今、一番のお気に入り車両です。何度も何度も何度も借りています。コペンGR SPORTが借りられない時は、最新鋭のFITを指名するというループモードに入っています。

 

宣言します。

「GRスープラよりもGRヤリスよりも、このコペンGR SPORTの方が、絶対に運転が面白い。GRプロジェクトの真髄は、この小さな小さなマイクロスポーツカーに表現されている。」

 

乗り込む前は、ものすごく不安だったんです。

「あの”スポーツカーし過ぎ”なセッティングが施されていた普通のコペンにGRプロジェクトのメンバーが手を入れたと言っても・・・GR SPORTの扱いだよ。GRじゃなくて一番末っ子。あのアクアのGR SPORTと同じように”なにこれ?ショップデモ車?”ってセッティングになってるんじゃないの?」

 

違ってた。

ものすごく違ってた。本気だった。小さな小さな軽自動車に。

とにかく足回りのセッティングがいいです。

オリジナルのコペンで激しく疲れてしまった「常に体が突き上げられて、揺さぶられ続ける1日」のセッティングではなかった。

バネが適切なレート設定になっているだけでなく、ショックアブソーバーの動きもいいんです。

走り出した瞬間「タイヤは大したのをつけてないな。」と思ったのですが、その通り(失礼)だった。

エコタイヤ系・・・なんだと思います。動きとブレーキのかかり方が。

でも、この少々「当たりがマイルドなタイヤ」だからこそ、生きている足回りセッティングなのかもしれません。

 

ブレーキも適切。

踏み初めのタッチとストロークもちょうどいいんです。すごくコントロールしやすい。

この車両をドライブした直後、我々のEP82の方は、エア抜き作業をしちゃったくらいですから。

(競技車両なのにすごくブレーキペダルストロークがロングになっているように感じた。コースで全開走行を開始すれば、全く気にならなかったんだけど。)

 

あと、マフラーの音がいいんです。

とても軽自動車に乗っていると思えない音。適切な音量でありながら、すごく”気分”にしてくれる音なんです。

これ・・・私は、コペンの標準搭載マフラーだとは思えないのですが・・・どうですかねえ。GR SPORTスペシャルマフラーのように思えるのですが。

バンパー周りは、GRシリーズの統一イメージデザインが施されています。

この車両、バンパーだけではなくて、ボンネットまで変えているのかと思ったのですが・・・

前端部のプラスチックパーツのみ意匠を変えているようです。

エンジン冷却を考慮してですかね。

車高設定は、縁石ギリギリです。

ドアを開く時とかも少し気をつけた方がいいです。

立派なレカロシートだけでなく、フロアマットまでGRマーク入りの専用品です。

シート高設定は・・・多分、オリジナルのコペンそのままなのだと思います。

まあ、21世紀の車は、全体にそうなのですが・・・可能ならば、工具が入るギリギリのシート高にもチャレンジしてもらいたかった。

この車両をドライブしていて、懐かしさを感じるのは、このメータ類。

赤ベースのアナログメータなんです。

「これで十分なんだよ。車を運転するってことは、本来、メータパネルと睨めっこさせてしまってはいけないはずだ。」

メータパネルデザインは、80年代を彷彿とさせますが、ミッションは、最新鋭のCVT車両です。

駆動力が途切れてしまうマニュアルトランスミッションよりも、この車両の大きさとパワーだとCVTの方がいいと思います。

しっかりしたMOMOのステアリングホイールの操作に集中できますから。

この車両は、オリジナルのコペンとステアリング操作に対する反応もだいぶ違っています。

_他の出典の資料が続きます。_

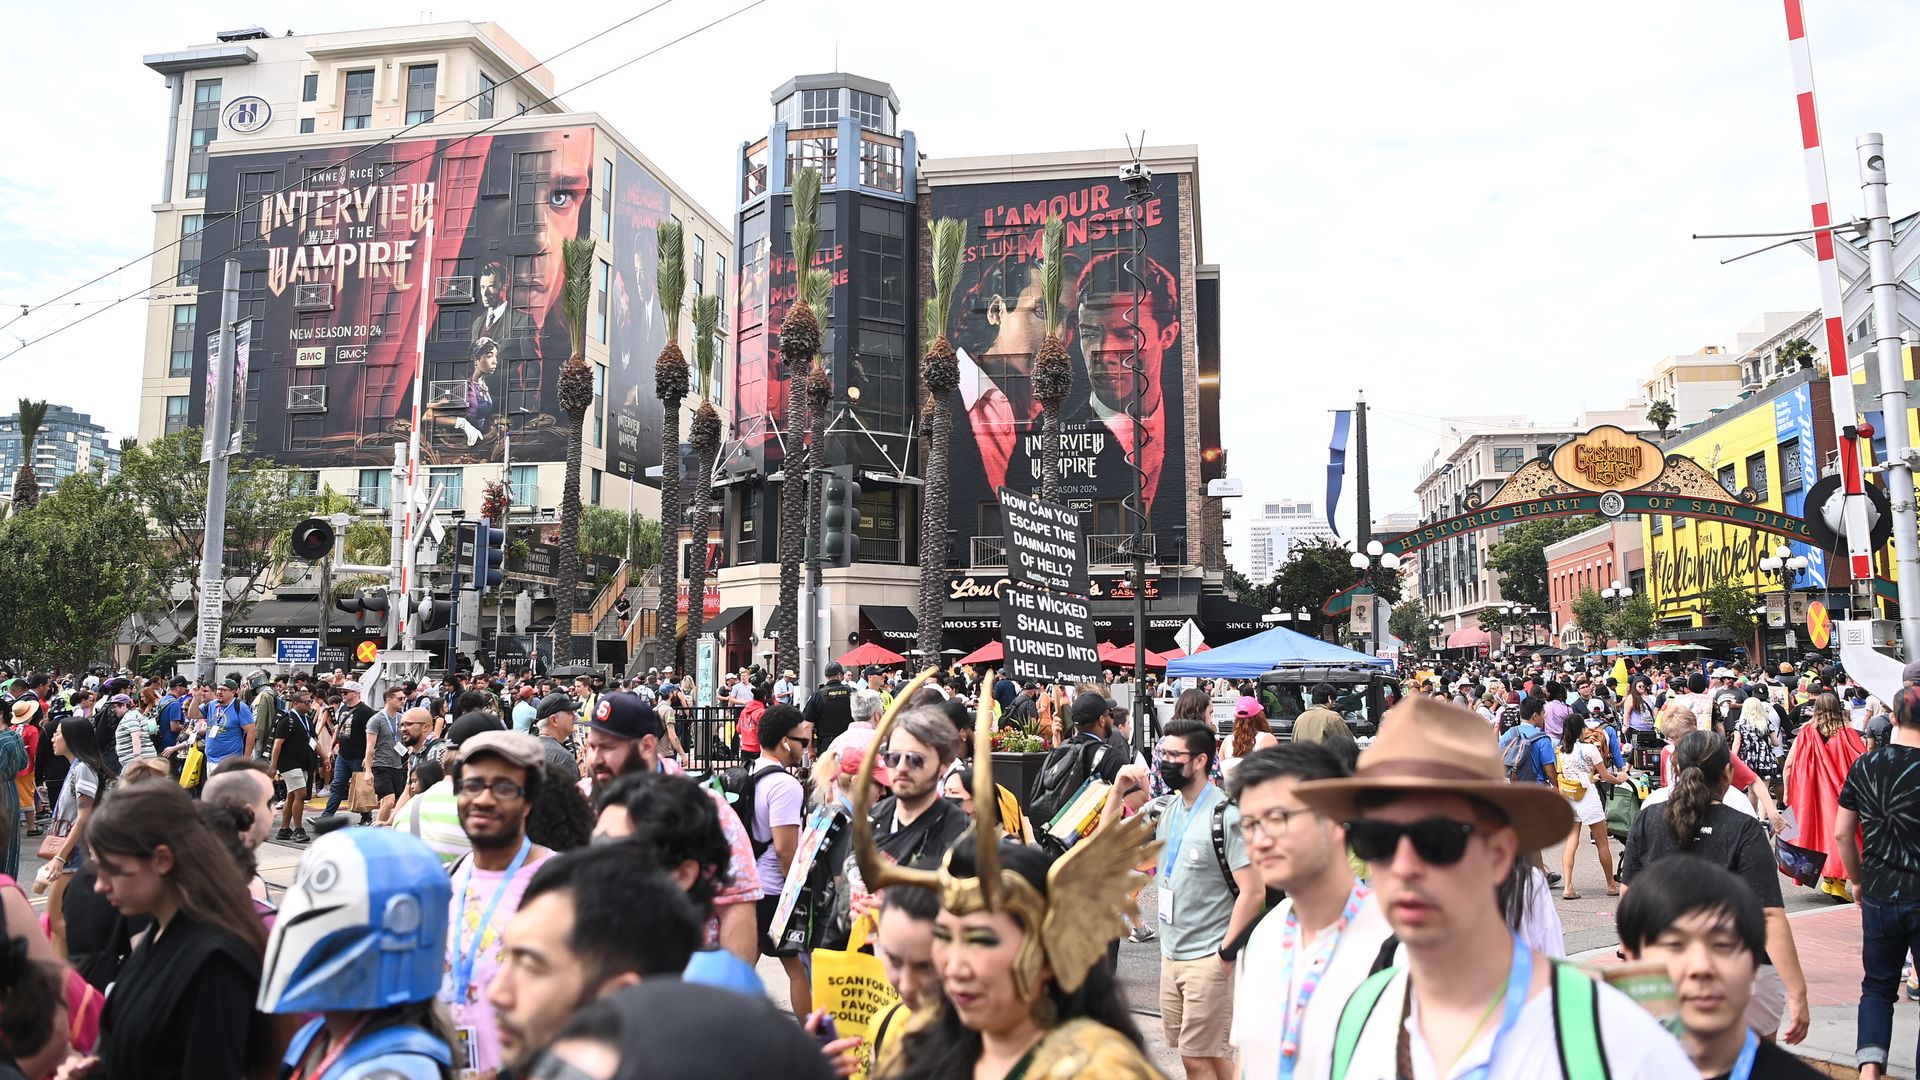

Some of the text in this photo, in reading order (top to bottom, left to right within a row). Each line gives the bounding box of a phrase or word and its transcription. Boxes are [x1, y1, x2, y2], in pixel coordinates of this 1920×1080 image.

[311, 171, 338, 183] ANNE
[260, 181, 436, 244] INTERVIEW
[984, 184, 1111, 241] L'AMOUR
[308, 225, 375, 242] WITH THE
[992, 238, 1014, 256] UN
[1017, 198, 1163, 264] MNSTRE
[267, 239, 417, 298] VAMPIRE
[776, 244, 844, 276] FAILLE
[769, 268, 849, 306] MORE
[289, 325, 382, 340] NEW SEASON 2024
[1024, 433, 1105, 458] INRVIEW
[1030, 456, 1098, 480] VMPIRE
[1057, 485, 1079, 494] ASON
[1079, 484, 1098, 493] 2024
[1000, 490, 1079, 527] HOW CAN YOU
[1008, 511, 1077, 543] ESCAPE THE
[1400, 497, 1810, 550] HISTORIC HEART OF SAN DIEG
[1013, 530, 1076, 561] DAMNATION
[1020, 551, 1073, 577] OF HELL?
[949, 577, 993, 600] Lou
[1051, 576, 1069, 588] 23:33
[1110, 588, 1159, 597] GASLMP
[1005, 588, 1035, 609] THE
[1036, 594, 1088, 619] WICKED
[244, 626, 276, 634] STEAKS
[942, 620, 1002, 629] MOUS STE
[1016, 613, 1085, 640] SHALL BE
[1255, 621, 1275, 629] 1945
[1005, 635, 1098, 663] TURNED INTO
[569, 658, 591, 666] VERSE
[1013, 658, 1097, 684] HELL. Psalm 9:17
[828, 976, 864, 986] SCAN
[866, 979, 885, 991] FOR
[841, 988, 864, 998] OFF

オリジナルは、「絶対によそ見ができない。マニュアルミッションの操作の時ですら、左手をステアリングホイールから手を離した後の動きに気をつけなければならない。」という相当な緊張感を伴いながら、全開走行をしましたが、このGR SPORTは、ステアリング操作に対する車両の反応が予測しやすくなっています。

 

「同じ軽自動車のスポーツカー」

として、S660と比べる人がいるかもしれないけど・・・あちらは、いろいろな規制に対応することを諦めて生産終了が決まっています。

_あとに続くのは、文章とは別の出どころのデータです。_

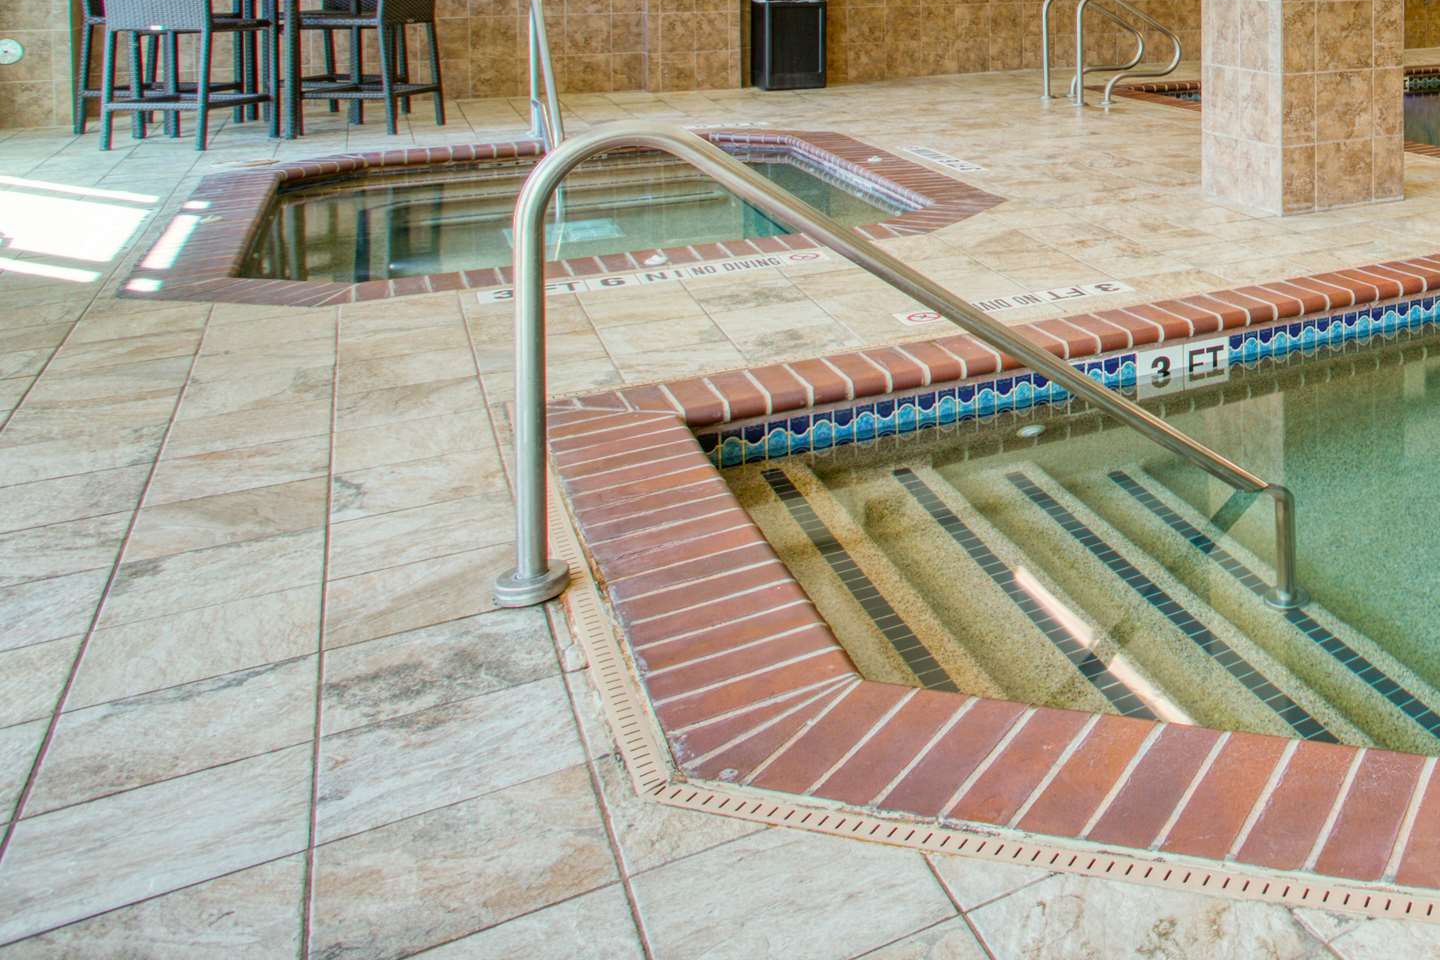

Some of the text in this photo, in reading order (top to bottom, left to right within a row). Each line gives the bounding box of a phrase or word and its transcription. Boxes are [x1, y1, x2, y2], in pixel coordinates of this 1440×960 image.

[600, 277, 625, 286] 6
[691, 265, 716, 275] NO
[722, 257, 781, 272] DIVING
[1012, 294, 1042, 304] NO
[1047, 287, 1086, 300] FT
[1188, 345, 1224, 372] FT

このコペンは、少なくとも2025年ぐらいまでの規制強化を切り抜けられる見通しが立った。

 

その差は、「あまりに本気でスポーツカーとして作り込んでしまったS660と”量産軽自動車のパーツをなんとか流用しながら、それでも、台数が出ないスポーツカーをどう作り続けるか?量産軽自動車は、どんどんフルモデルチェンジを重ねないと、生き残れない存在。コペンのために部品供給をしてもらえなくなることに対して、どのように存続させるか?”」を最初から考えられた企画だったというところだと思います。

 

もう少しズバッと言ってしまうと、「図らずもダイハツのイメージリーダーとなった、小さな小さなスポーツカーの2代目を作り出す企画と、図体がでかくなった会社の中で、”台数が出ないスポーツカーなんてやっている連中”と周りから揶揄され、”とにかく軽自動車のミッドシップスポーツカーを成立させなければ。出荷することが重要なんだ。”となってしまった当事者達の”未来を見渡せていたか?”」という差だったかな。

 

S660が生産続行できなくて大変残念です。

ただ、確かに・・・このコペンGR SPORTは、「ものすごく運転が面白い。何度も乗りたい。」と思わされたけど、同じ軽自動車枠でありながら、明らかに高性能だったS660にその感動はなかったことは事実なんだよね。

あの私の遠い記憶の中にあるBEATとも違ってね。